▸ Task
When you return the data, keep every word exact and include none of the images.

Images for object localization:
________________________

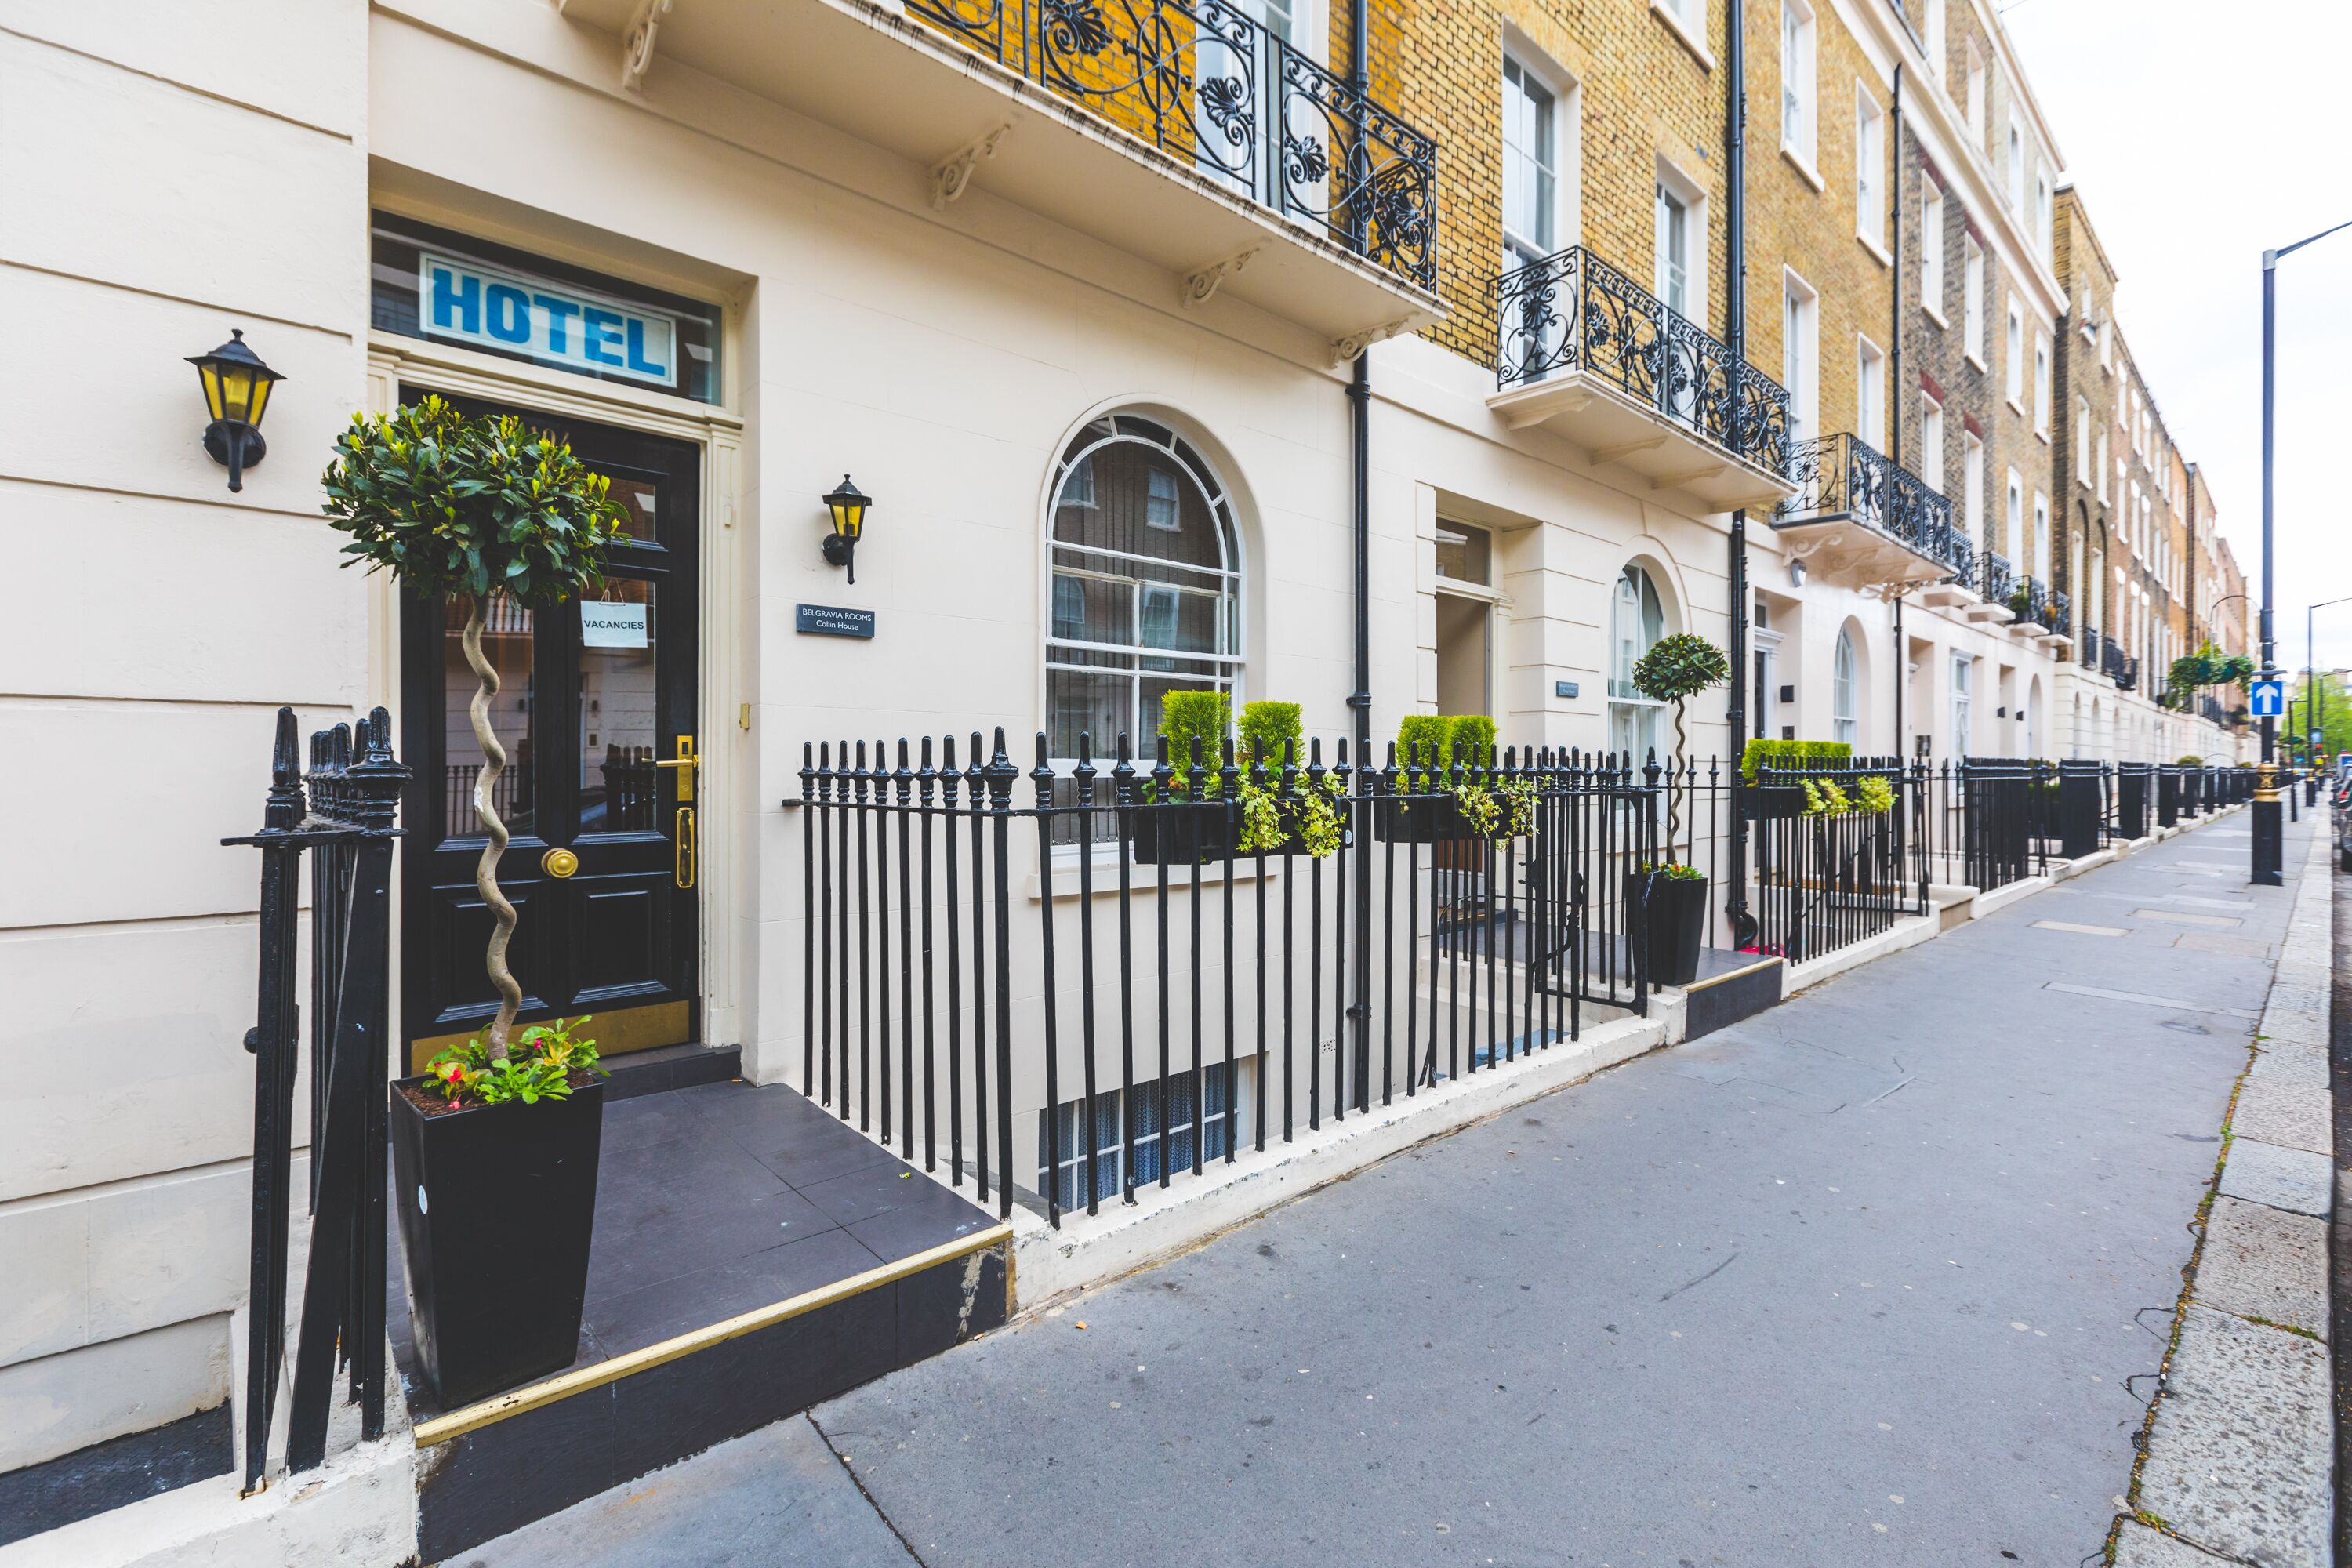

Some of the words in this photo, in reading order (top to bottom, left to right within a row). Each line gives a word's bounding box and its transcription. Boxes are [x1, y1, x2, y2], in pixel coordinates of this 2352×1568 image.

[433, 267, 666, 377] HOTEL
[802, 608, 843, 619] BELGRAVIA
[845, 613, 872, 622] ROOMS
[583, 620, 644, 630] VACANCIES
[837, 622, 858, 630] House
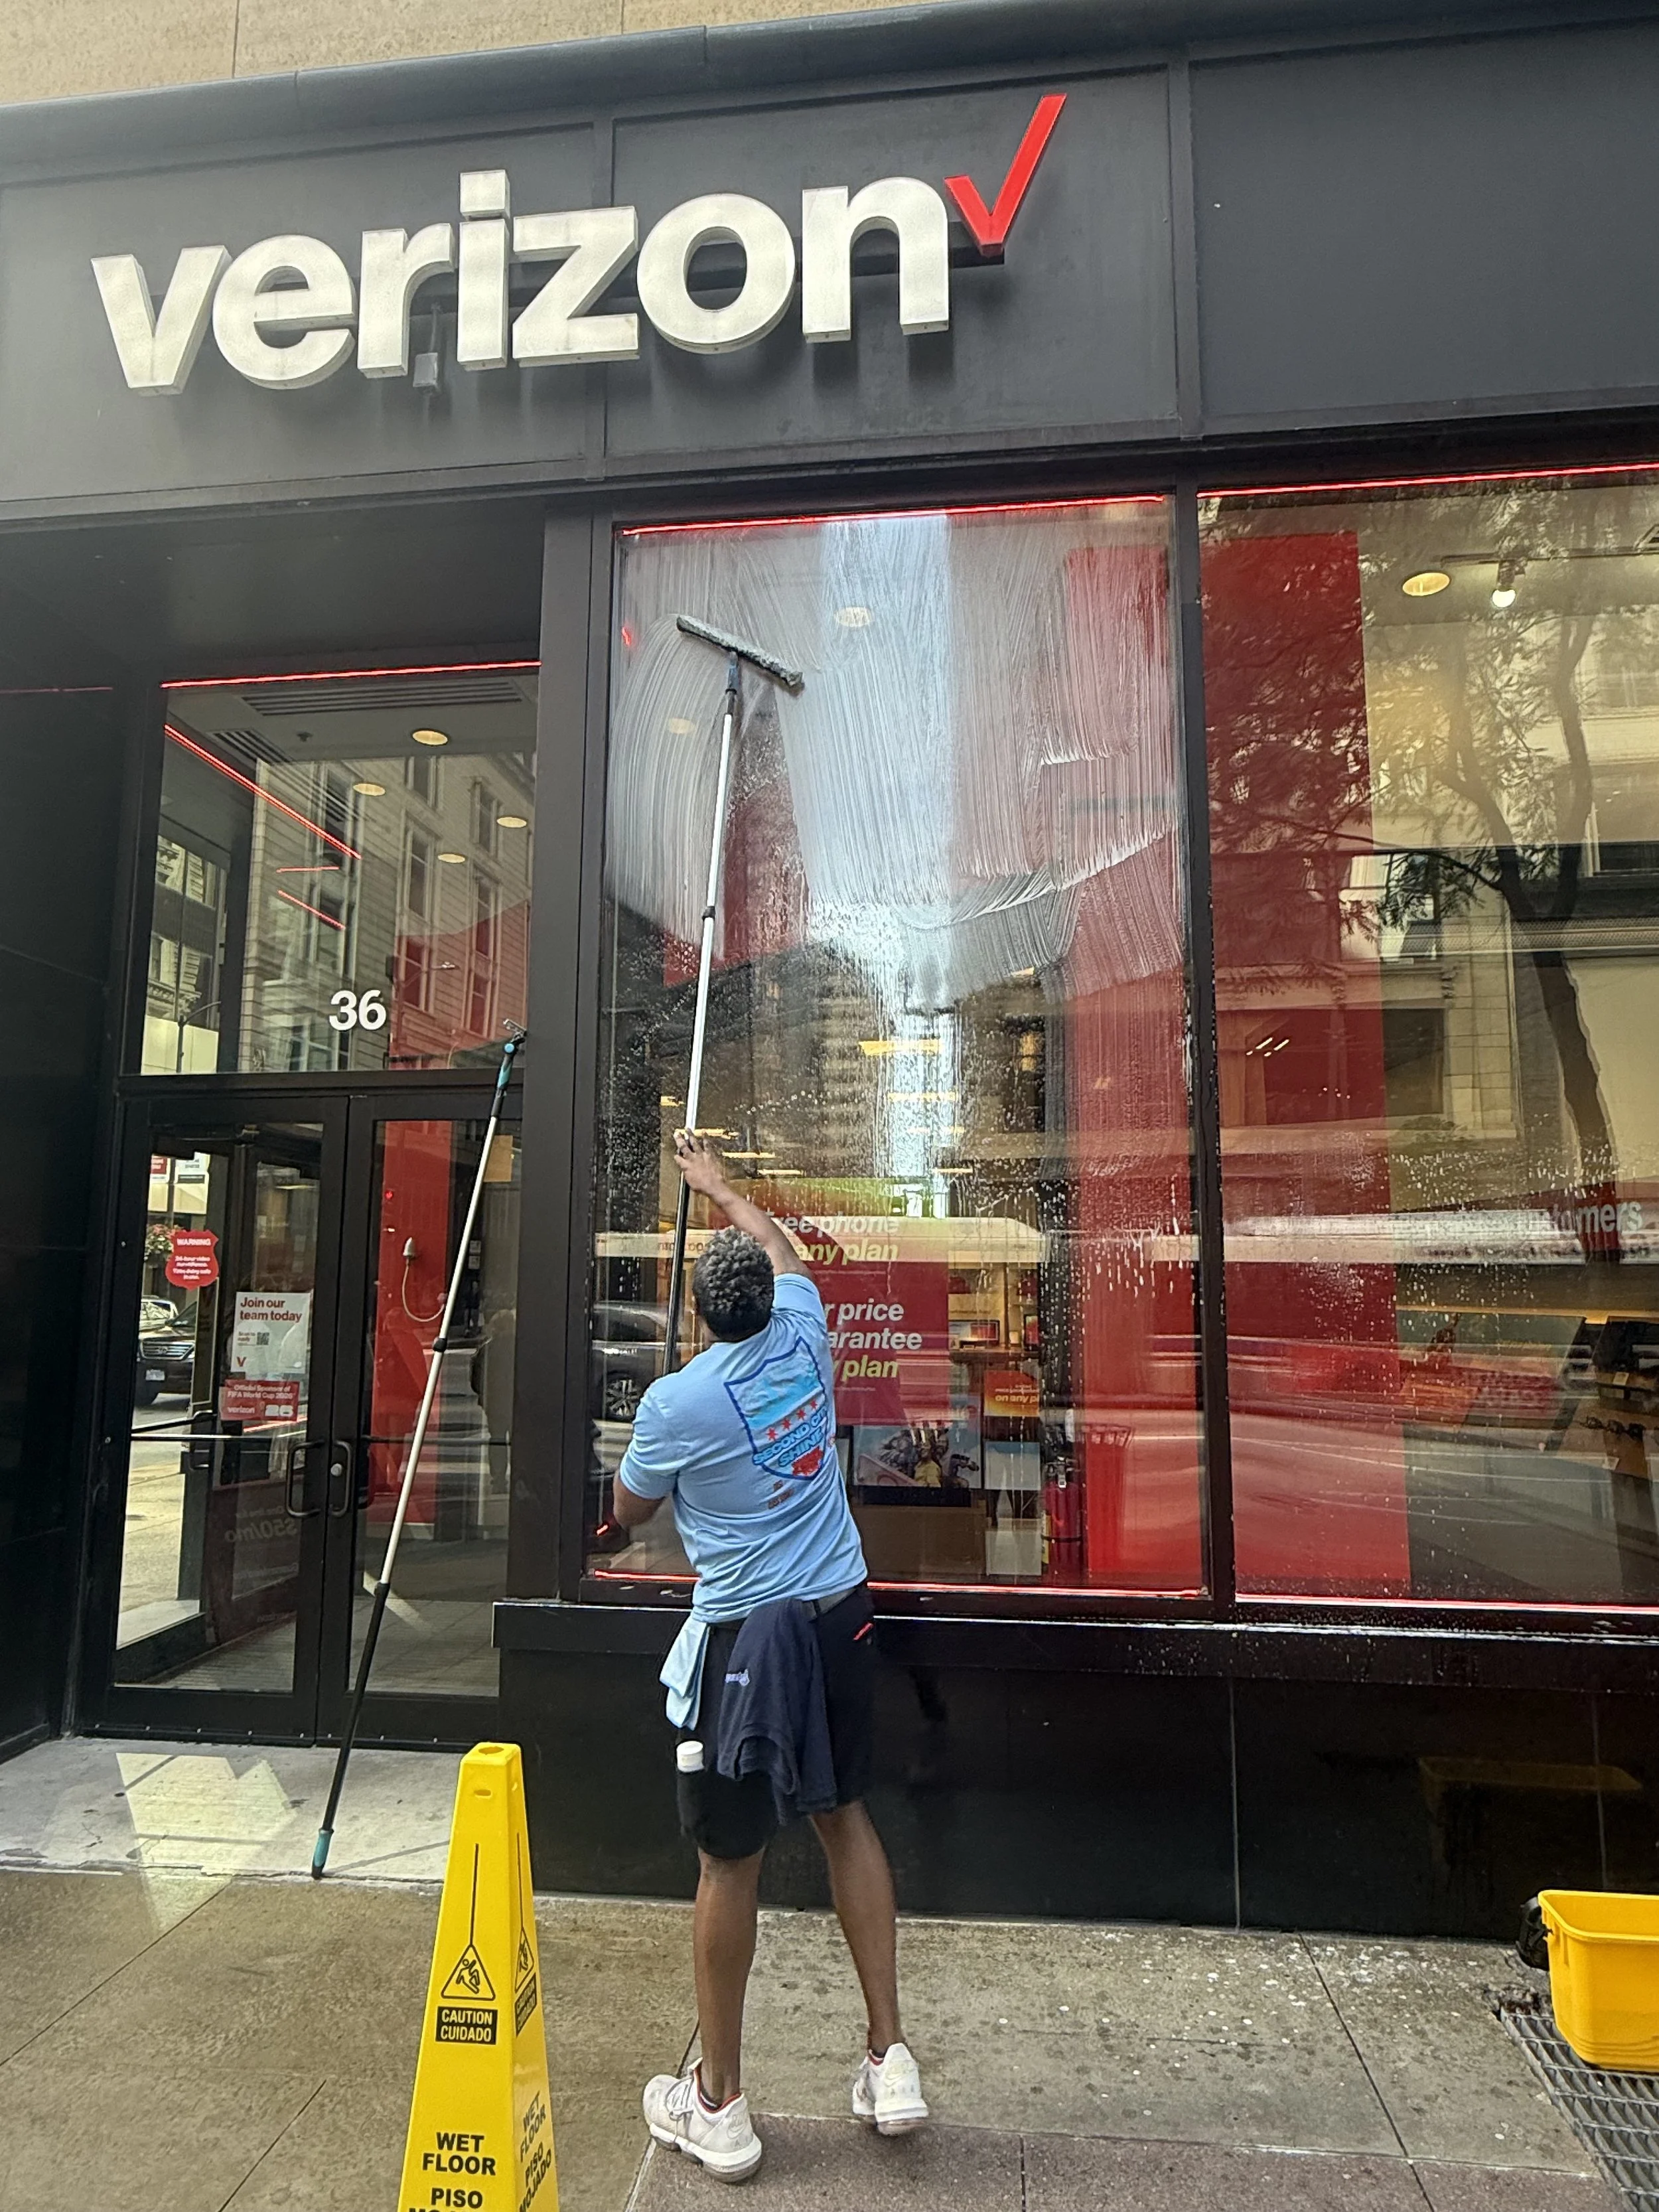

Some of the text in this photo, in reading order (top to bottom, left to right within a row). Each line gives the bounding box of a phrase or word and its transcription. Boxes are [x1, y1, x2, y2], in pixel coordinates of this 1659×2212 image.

________________________

▸ Output for this task
Some of the words in this photo, in reading order (top to bottom, left to right within a row). Each line gives a word's bounding box and its transcription. Boxes are [x1, y1, x2, y2], in pixel coordinates of this 2352×1568 image.

[433, 267, 666, 377] HOTEL
[802, 608, 843, 619] BELGRAVIA
[845, 613, 872, 622] ROOMS
[583, 620, 644, 630] VACANCIES
[837, 622, 858, 630] House

Some of the text in this photo, in reading order (top to bottom, left to right within a row). Each line gives the bounding box of a phrase or word and its transcription. Boxes are [x1, y1, x2, y2], in pixel coordinates of this 1659×2212 image.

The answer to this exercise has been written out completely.